An abscess is an infection.Two types of dental abscesses are, A periapical abscess, It takes place at the root of a tooth and a Periodontal abscess that happens in the gum. A periapical abscess kills the nerve and pulp tissue by getting into the nerve chamber.
On the other hand, Periodontal is a chronic gum infection that weakens the bone and results in bone and tooth loss, if not treated properly. It also triggers infection throughout the mouth which goes untreated for too long, resulting in a pus-filled area which is called the abscess.
- Severe pain that radiates to the jawbone, neck, or ear
- Hot or cold tooth sensitivity
- Pressure sensitivity
- Swelling in the face
- Bad breath
- Soreness in neck and jaw resulting from swollen lymph nodes
- Rotten taste in mouth
The discomfort of a toothache is caused by fluid or gases that build up inside the tooth. Sometimes the infection creates a bubble on the gum. Once this bubble pops, the infection drain into the gum tissue and mouth, and pain goes away. This just means the pressure is relieved.
Once an abscess is diagnosed, you can certainly follow a few methods of treatment. Antibiotics can be given to destroy the bacteria, however the major issue of an infected tooth, dying nerve, or periodontal disease should be dealt with seriously.

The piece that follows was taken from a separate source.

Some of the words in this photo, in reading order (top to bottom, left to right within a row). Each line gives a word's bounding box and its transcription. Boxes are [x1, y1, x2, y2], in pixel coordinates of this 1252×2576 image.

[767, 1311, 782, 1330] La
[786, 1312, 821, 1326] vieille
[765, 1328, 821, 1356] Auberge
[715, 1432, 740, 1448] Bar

If abscess is caused by a dying nerve, a root canal is recommended to clean out the infected tissue. A crown or cap can be placed over the tooth to preserve the remaining tooth and prevent further breakage.

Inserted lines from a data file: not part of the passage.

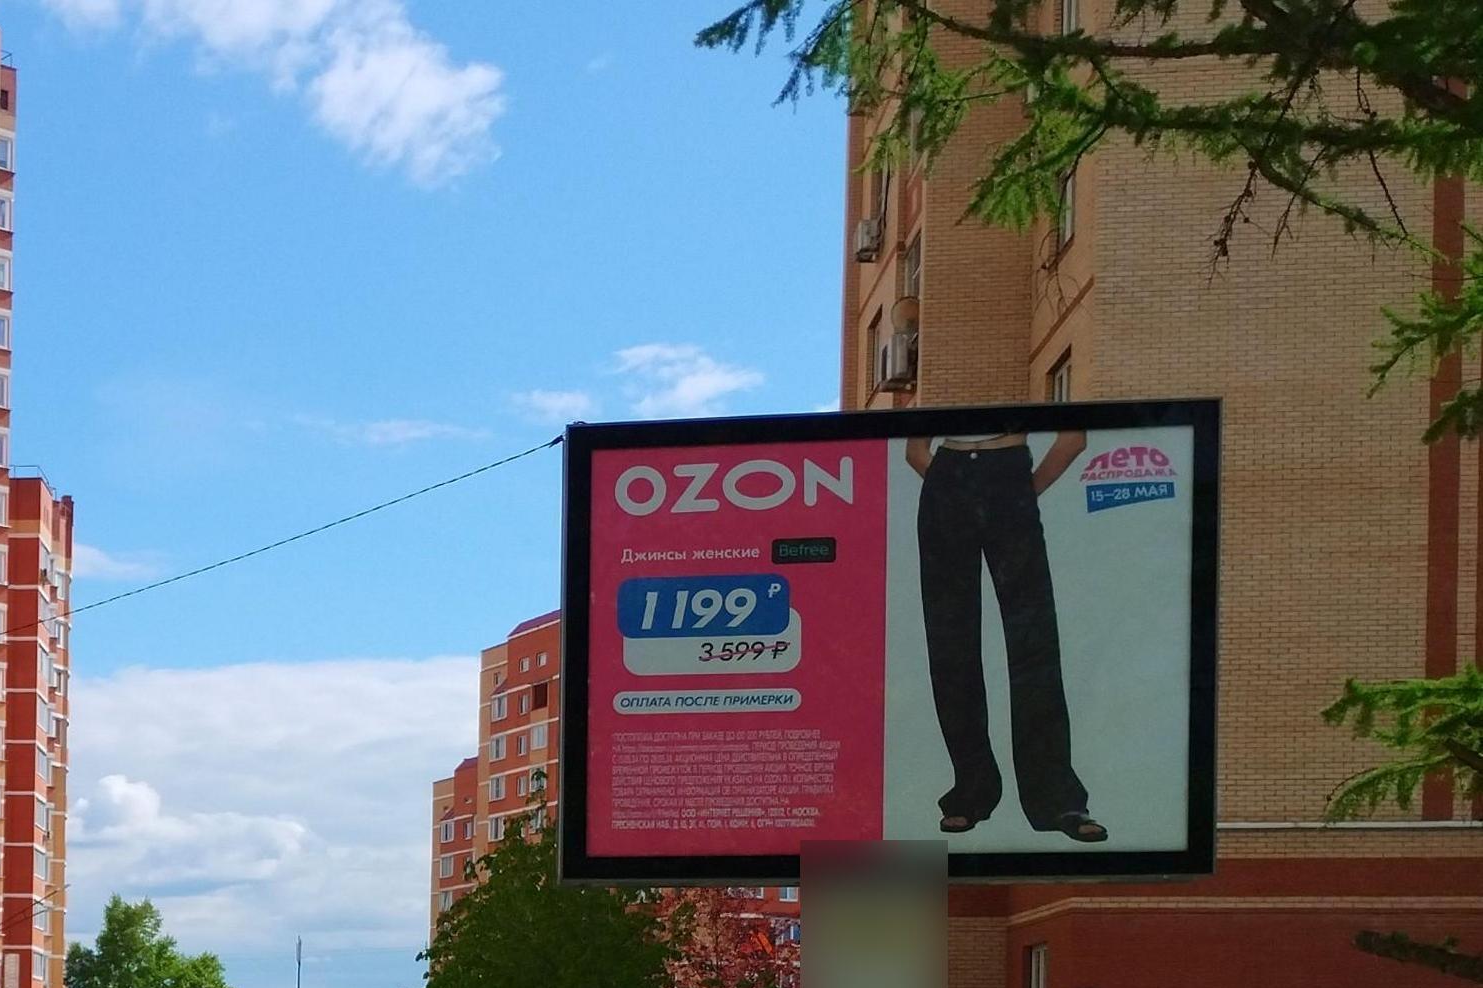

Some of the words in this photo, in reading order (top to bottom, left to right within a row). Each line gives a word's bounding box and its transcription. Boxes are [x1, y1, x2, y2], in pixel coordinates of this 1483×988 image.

[1080, 468, 1177, 482] РАСПРОДАЖА
[615, 456, 854, 516] OZON
[1134, 484, 1168, 497] МАЯ
[621, 548, 687, 564] Джинсы
[692, 546, 760, 560] женские
[779, 544, 830, 557] Befree
[620, 696, 671, 708] ОПЛАТА
[675, 695, 720, 707] ПОСЛЕ
[723, 694, 794, 706] ПРИМЕРКИ

If the infection has gone too far, an extraction might be suggested, and an implant with a crown on can be put in its place.
If abscess is due to periodontal disease, root planing and scaling is suggested. This is deep cleaning done with specialized instruments.
It is not always possible to avoid a sudden traumatic impact, however, there are plenty of other ways to prevent decay and periodontal disease:
- Visit your dentist for professional cleanings
- Brush and floss your teeth twice a day
- Replace your toothbrush every three or four months
- Drink tap water or fluoridated bottled water
- Watch sugar and carbohydrate intake
- Use a mouth rinse before bed
With a little care, you can prevent dental abscess before it develops, thereby saving you from the inconvenience of a toothache.